§ About this exercise: The entries contain pictures, which should not appear in the copy; everything else must be reproduced exactly.

§ Dataset content:
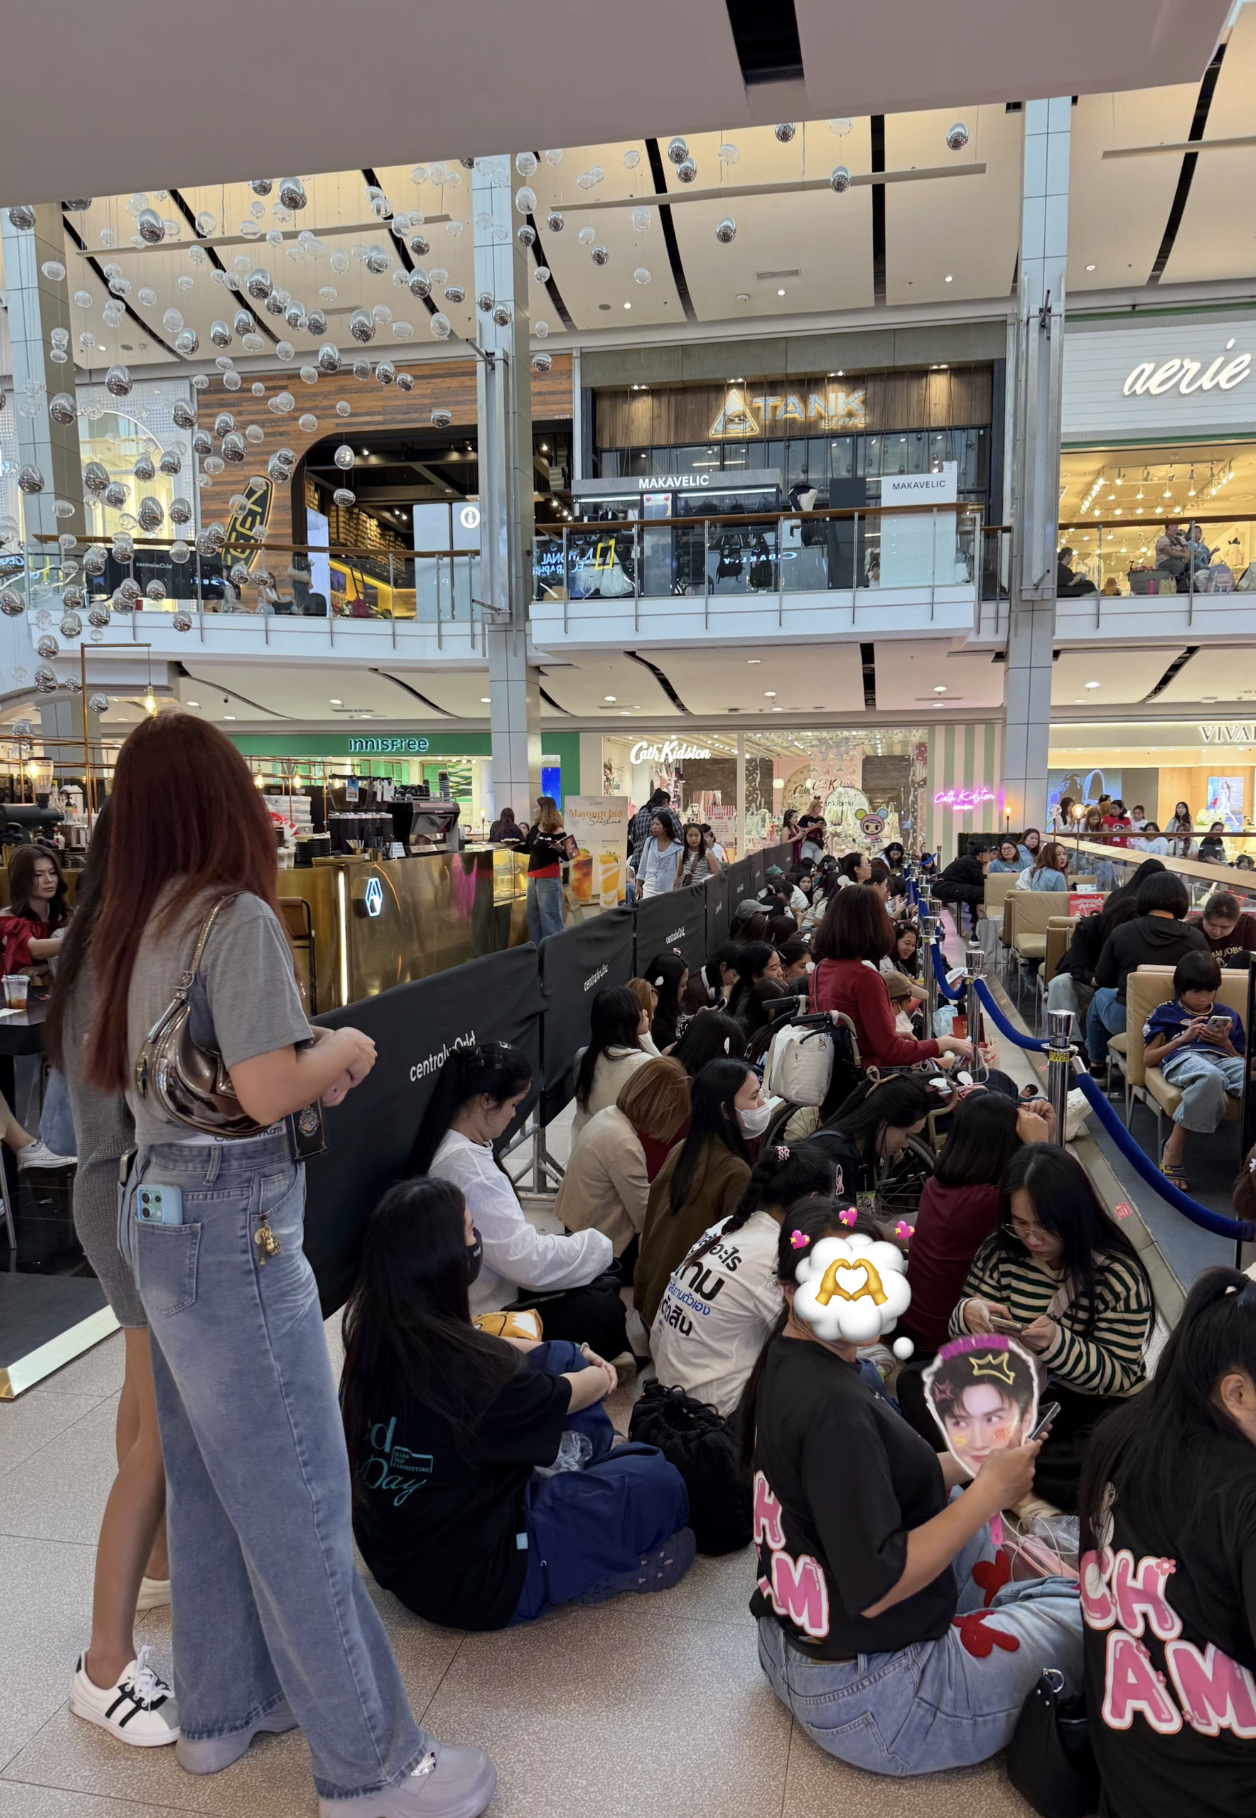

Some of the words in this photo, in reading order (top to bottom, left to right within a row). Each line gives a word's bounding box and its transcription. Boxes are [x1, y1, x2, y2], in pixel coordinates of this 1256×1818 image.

[1123, 338, 1252, 396] aerie
[752, 391, 868, 421] TANK
[822, 415, 869, 429] store
[638, 475, 709, 489] MAKAVELIC
[892, 480, 946, 490] MAKAVELIC
[630, 741, 660, 764] Cath
[659, 740, 711, 763] Kidston
[934, 790, 957, 803] Cath
[957, 787, 996, 804] Kidston
[1079, 1545, 1184, 1641] CH
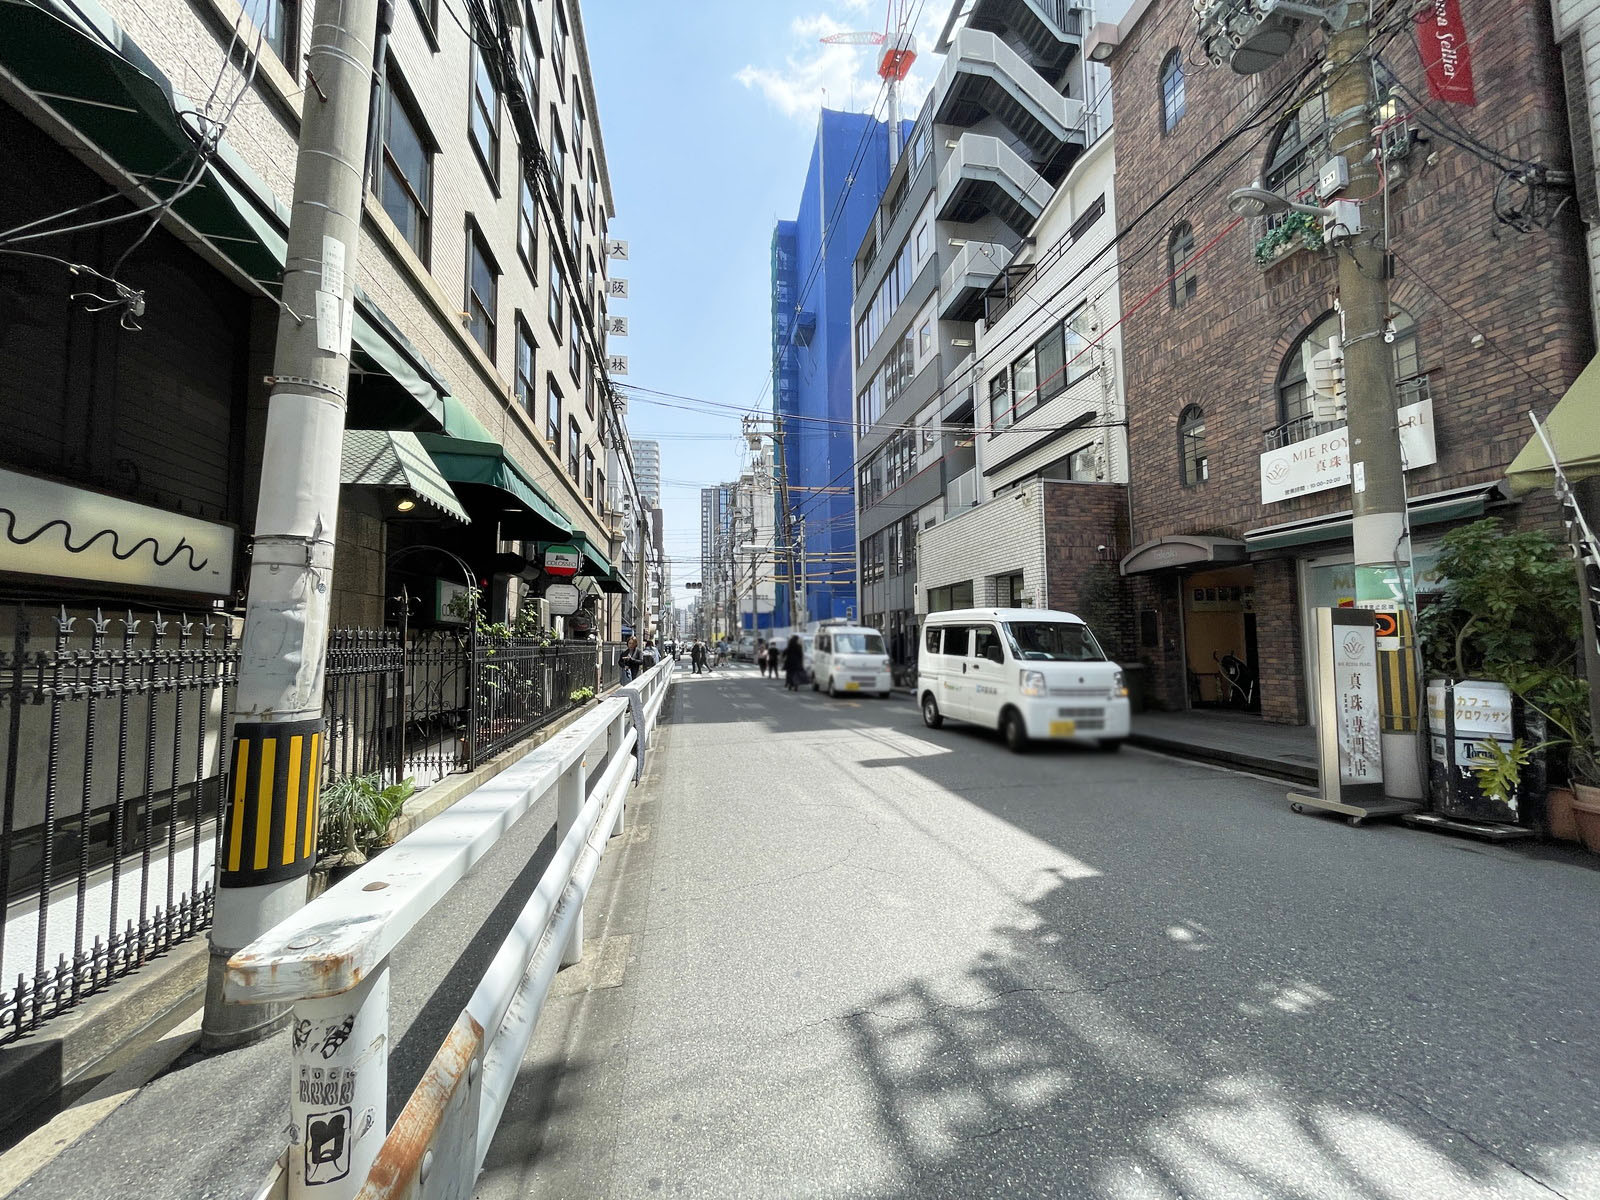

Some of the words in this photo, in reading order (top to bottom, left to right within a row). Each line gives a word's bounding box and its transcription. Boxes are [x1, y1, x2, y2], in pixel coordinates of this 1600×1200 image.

§ Task solution:
Some of the words in this photo, in reading order (top to bottom, left to right within a row). Each line gives a word's bounding box and its transcription. Boxes are [x1, y1, x2, y2], in pixel coordinates of this 1256×1818 image.

[1123, 338, 1252, 396] aerie
[752, 391, 868, 421] TANK
[822, 415, 869, 429] store
[638, 475, 709, 489] MAKAVELIC
[892, 480, 946, 490] MAKAVELIC
[630, 741, 660, 764] Cath
[659, 740, 711, 763] Kidston
[934, 790, 957, 803] Cath
[957, 787, 996, 804] Kidston
[1079, 1545, 1184, 1641] CH

Some of the words in this photo, in reading order (top to bottom, left to right within a row). Each line gives a word's bounding box and its transcription. Boxes are [x1, y1, x2, y2], in pixel coordinates of this 1600×1200 image.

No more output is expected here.